The traditional Torah reading for Yom Kippur Mincha is Leviticus 18, which lists forbidden sexual relations and activities. Mahzor Lev Shalem, as well as High Holy Day prayer books dating as far back as the 1950’s, offers as an alternative reading Leviticus 19: 1-18, the so-called Holiness Code. Some of you may recall that in the 1990’s, this was the reading we did for Yom Kippur Mincha. This year, Rabbi Julie, with the approval of the Ritual Committee, has decided that we will do the alternative reading. It was felt that the Shomrei Emunah community should be made aware of this well in advance of Yom Kippur in order to understand the rationale behind the decision.

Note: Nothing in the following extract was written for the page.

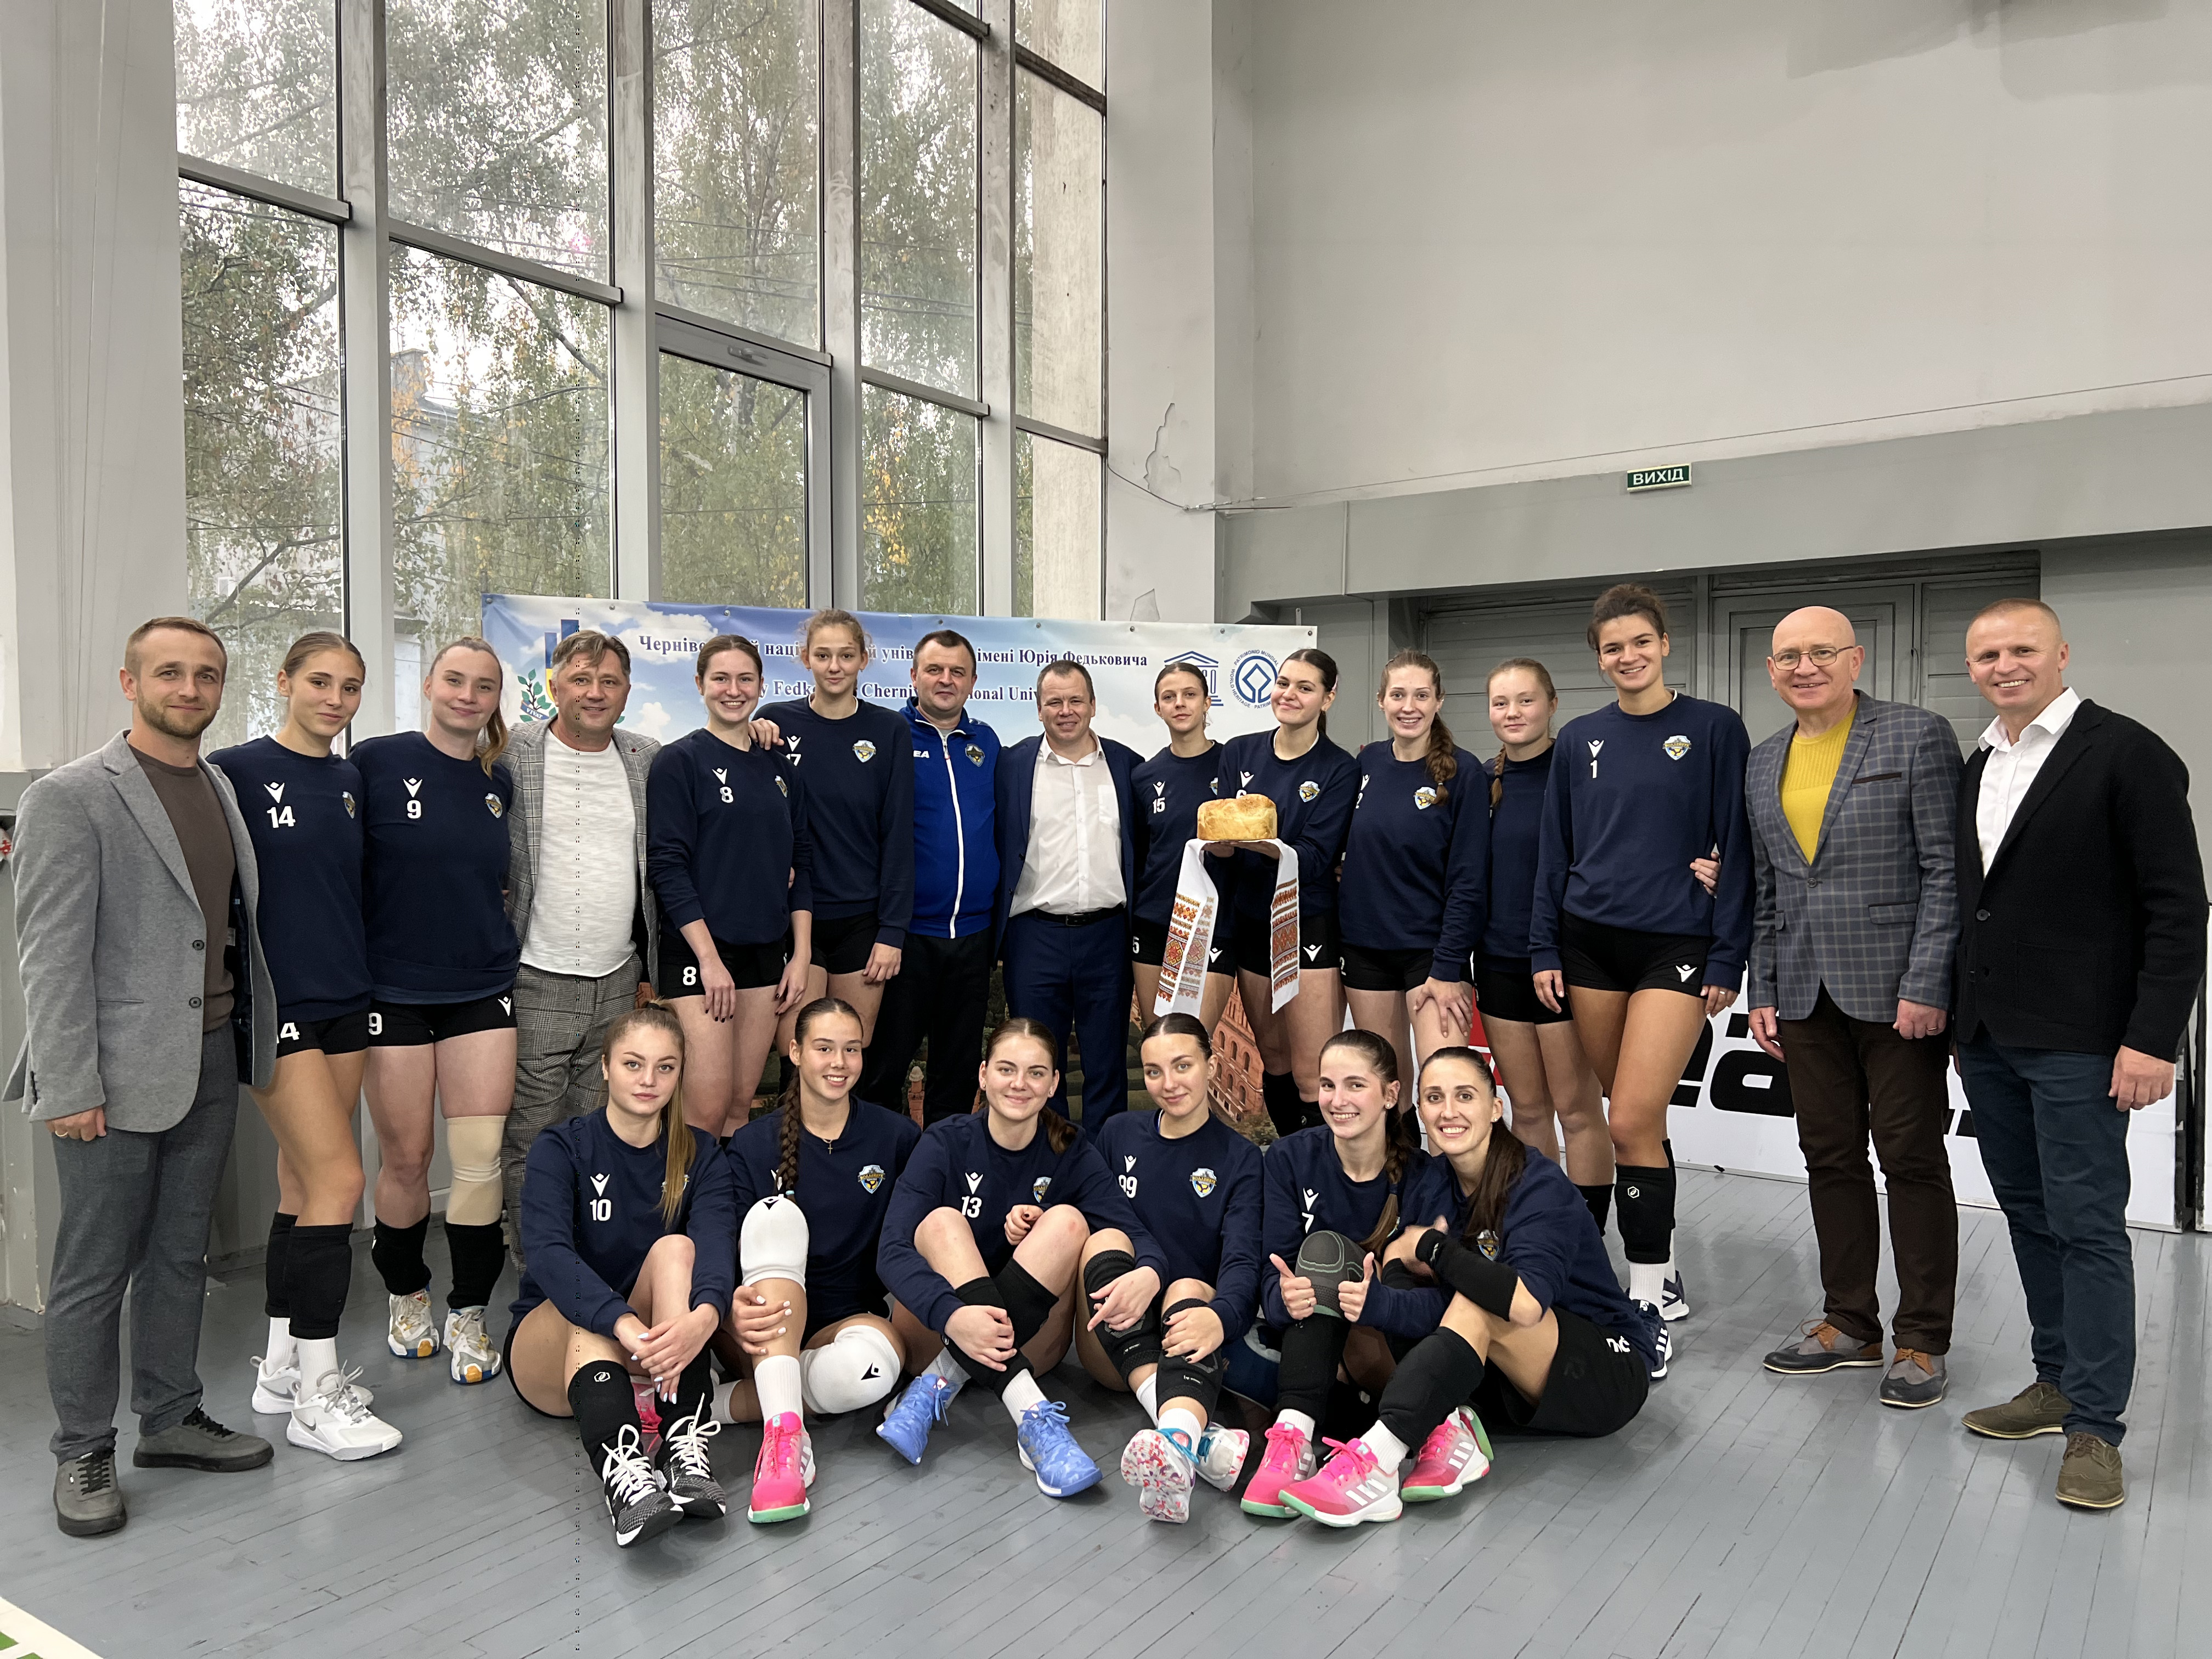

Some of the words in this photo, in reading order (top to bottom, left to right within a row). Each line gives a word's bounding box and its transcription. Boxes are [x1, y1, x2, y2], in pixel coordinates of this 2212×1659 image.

It is important to note that the choice of Torah reading is not a matter of halakha (Jewish law) but rather of custom. No one knows for sure why Leviticus 18 was selected as the reading for Yom Kippur Mincha. The Babylonian Talmud (M. Megillah 30b-31a) simply states that it was customary to do this reading but offers no rationale. A Mishnah in M. Taanit records a tradition that, during Temple times, young women in borrowed clothing would dance in the vineyards on Yom Kippur afternoon, and betrothals would be announced. Later commentators opined that it was therefore fitting that Leviticus 18 be read at that time to remind newlyweds-to-be not to adopt the licentious sexual behaviors of the surrounding nations. Still, any direct ties to Yom Kippur are tenuous at best.
So if it ain’t broke, why fix it? Well, there’s a problem. Most of the prohibitions deal with incest and adultery, and it is doubtful that anyone would take issue with those. However, there is the matter of Lev. 18:22, which states, “You shall not lie with a man as with a woman; it is an abomination.” During his tenure here, Rabbi Greenstein offered a cogent translation of this verse as an injunction against gang rape, and this became our official understanding of it. Nonetheless, most people still see it as a prohibition against homosexuality. This understandably creates distress in members of the LGBTQ community who may feel that they are being excluded from the wider community. Whenever we confront a difficult text, our tradition is not to avoid it but to grapple with it. This we do throughout the year as part of our annual Torah reading cycle. On Yom Kippur, we come together as a community to atone for our shortcomings. All should feel welcome.
By contrast, Leviticus 19 focuses on ethical behavior. While no one would suggest we need a reminder of sexual prohibitions any less than previous generations, most of us would probably relate more to the ethical teachings in this remarkable passage. Love your neighbor as yourself. Don’t curse the deaf or put a stumbling block before the blind. Barely 23 hours earlier, we chanted Kol Nidre so that we might be released from unfulfilled vows; this passage enjoins us to be careful about making such vows in the first place. It also provides a nice counterpoint to the Yom Kippur morning Torah reading. As Rabbi Craig Scheff points out, the morning reading deals with matters of ritual purity, while the Holiness Code deals with ethical purity. We are told at the beginning of the reading, “You shall be holy, for I, the Lord, am holy.” While we can never reach G-d’s level of holiness, we draw ever closer through adherence to ethical principles. On Yom Kippur, we get to embark on the new year with a clean slate. Not sure where to begin? This reading will get us all off to a good start.